Inaki Basauri
- Born: 1 October 1984 (age 41) Monterrey, Mexico
- Height: 6 ft 5 in (196 cm)
- Weight: 232 lb (105 kg)
- Occupation: Professional rugby union player

Rugby union career
- Position: Loose forward

Amateur team(s)
- Years: Team / Apps / (Points)
- 1999–2002: Maryland Exiles

Senior career
- Years: Team / Apps / (Points)
- 2003–2007: RC Massy / 15 / (0)
- 2007–2008: US Marmande / 16 / (10)
- 2008–2009: SU Agen / 5 / (0)
- 2009–2010: CA Lannemezan / 22 / (0)
- 2010–2011: L'Aquila / 5 / (0)
- 2011–2012: CA Perigueux / 23 / (5)
- 2012–2015: Tarbes Pyrenees / 47 / (5)
- 2016–2017: Stade Nantais / 14 / (0)
- Correct as of 6 June 2020

International career
- Years: Team / Apps / (Points)
- 2001–2003: United States U19
- 2007–2012: United States / 15 / (0)
- Correct as of 1 January 2014

= Inaki Basauri =

US international rugby union player

Inaki Basauri (born 1 October 1984) is a Mexico-born former American rugby union player who played most of his career in the Pro D2.

==Career==

===Early career===
Basauri first started playing rugby when he was 15 and was invited to a practice by his friend.

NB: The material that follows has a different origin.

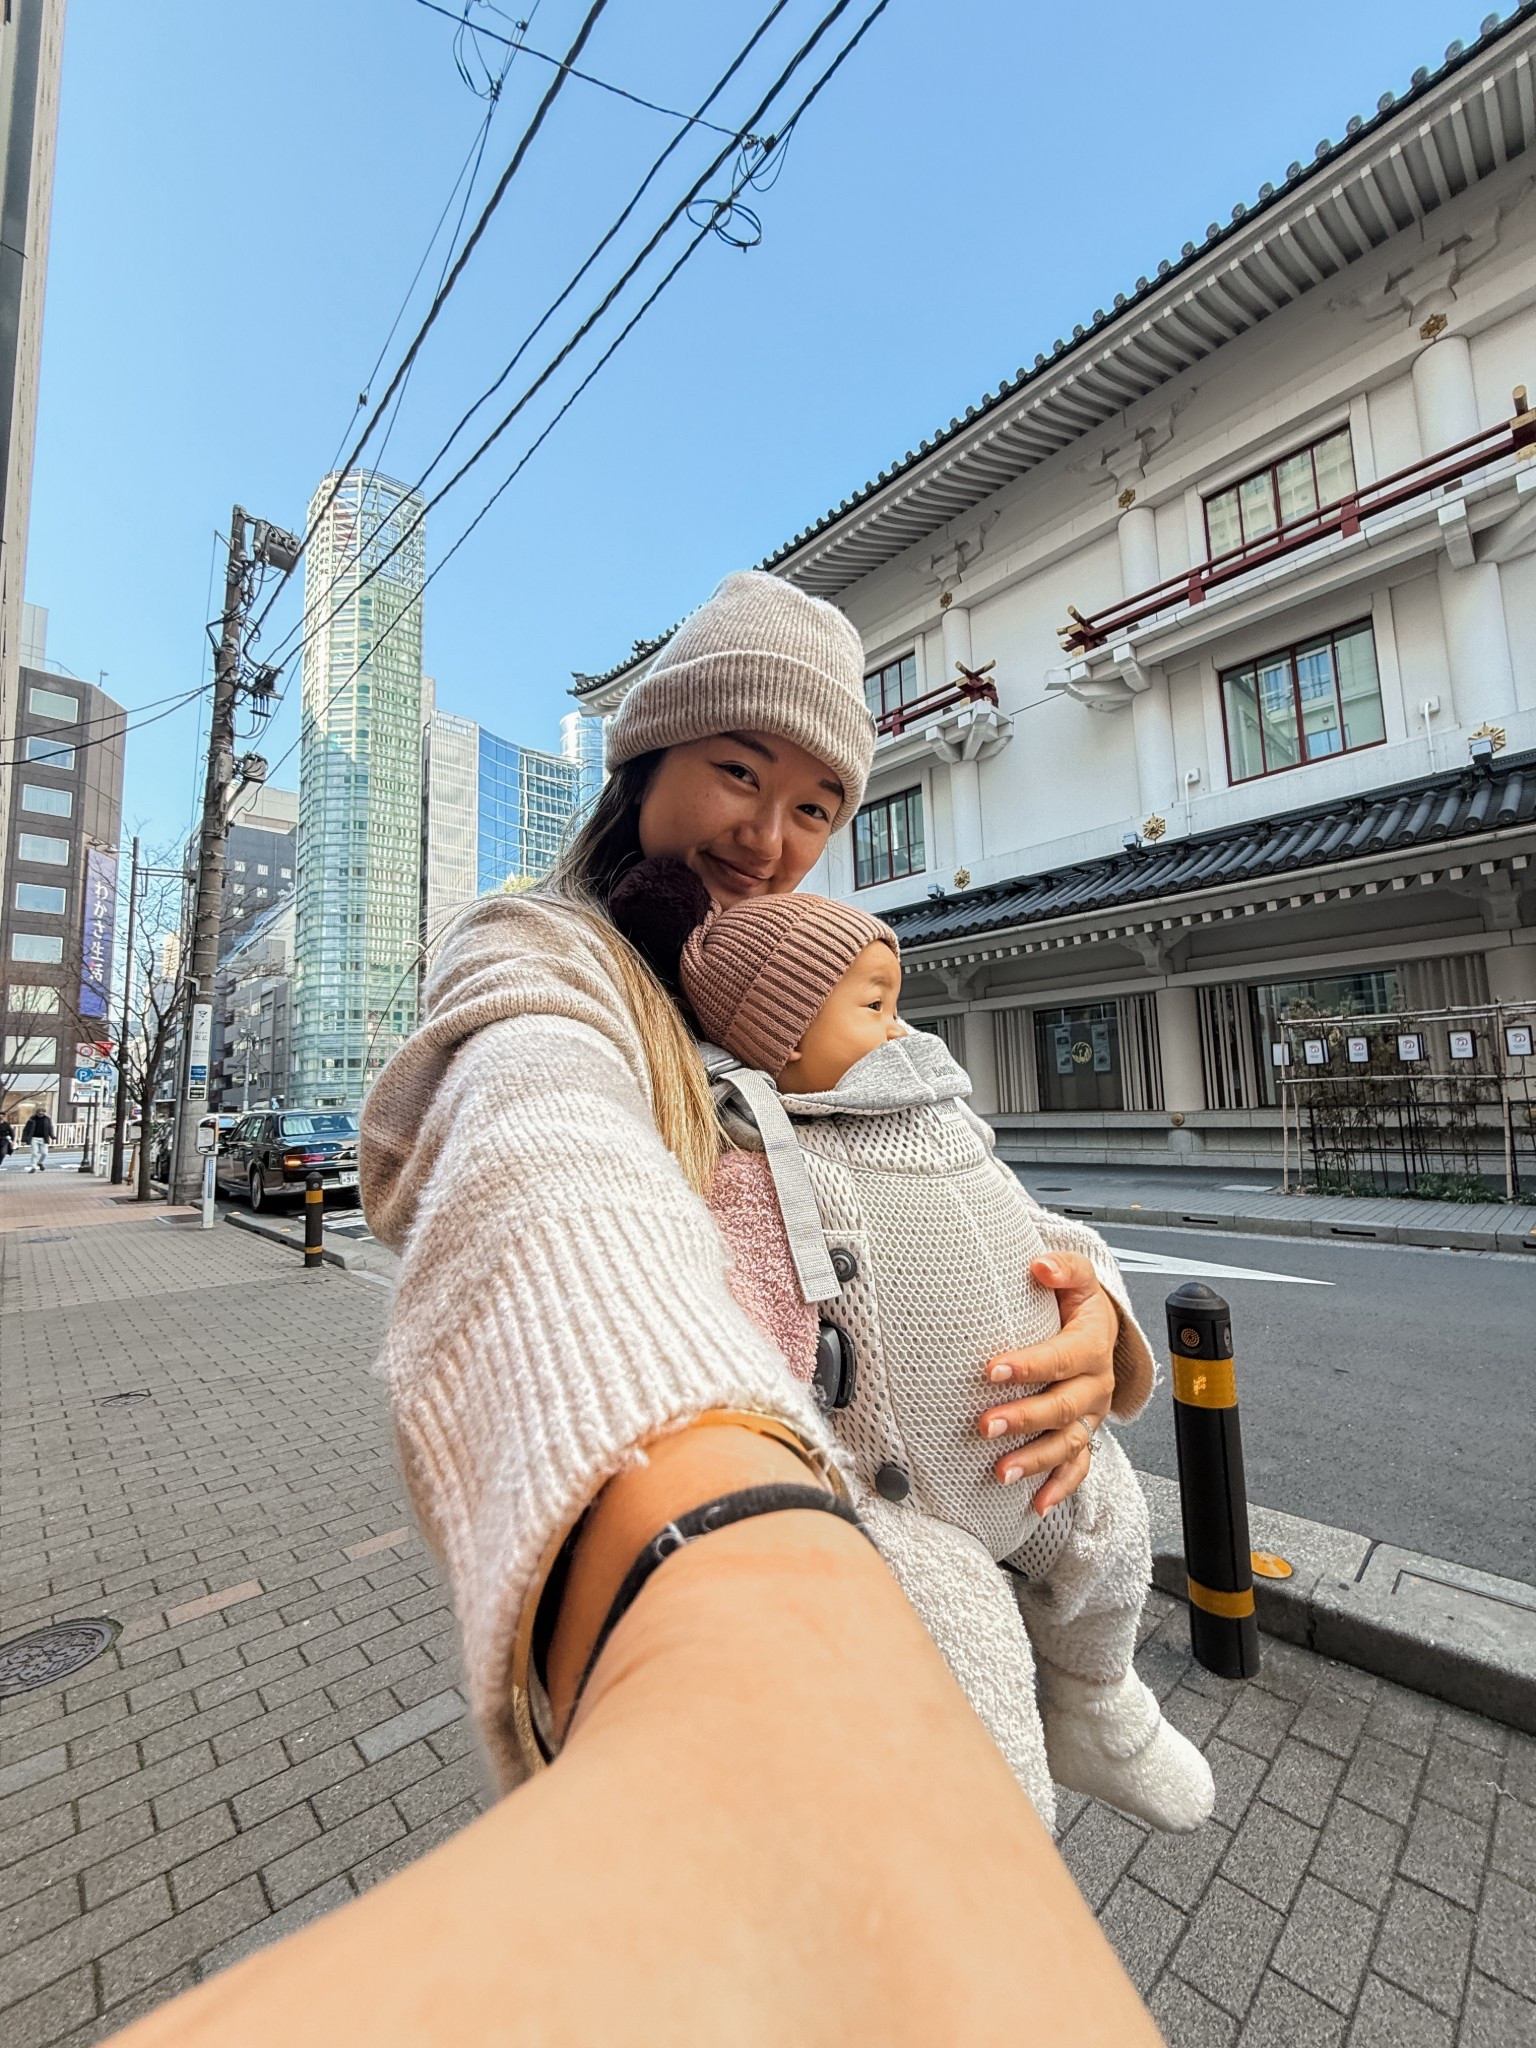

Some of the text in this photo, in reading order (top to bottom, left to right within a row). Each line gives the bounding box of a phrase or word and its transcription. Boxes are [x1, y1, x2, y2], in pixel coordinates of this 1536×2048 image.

Inaki graduated from Walt Whitman High School in Bethesda, Maryland in 2002. Throughout high school, he played rugby sevens with the Maryland Exiles in the summer and varsity football in the fall. He played for the U-19 National Team at age 16 and vice-captained the USA U-19 Tour to France for the World Championships. After the France U-19 World Championships, he was recruited by Massy to play for their U-21 Team.

===Professional career===
At 23, he played professionally for SU Agen in France and was the youngest starter of the team. He also played in Italy for the L'Aquila Rugby club in the Super 10 competition. Having previously played in France with CA Lannemezan, SU Agen and CA Perigueux. Basauri returned with Tarbes in the Pro D2 where he made 47 appearances over three years. In July 2015 Basauri signed a contract with Stade Nantais of the Fédérale 2. Basauri was also a member of the USA 2007 Rugby World Cup and 2011 Rugby World Cup squads.

===Coaching career===
Following his playing career Basauri coached Nantes, Le Rheu, and Le XV de L’Erdre in France, and also served as the forwards and defense coach for Denmark. He received his coaching diploma from the French Rugby Federation (FFR).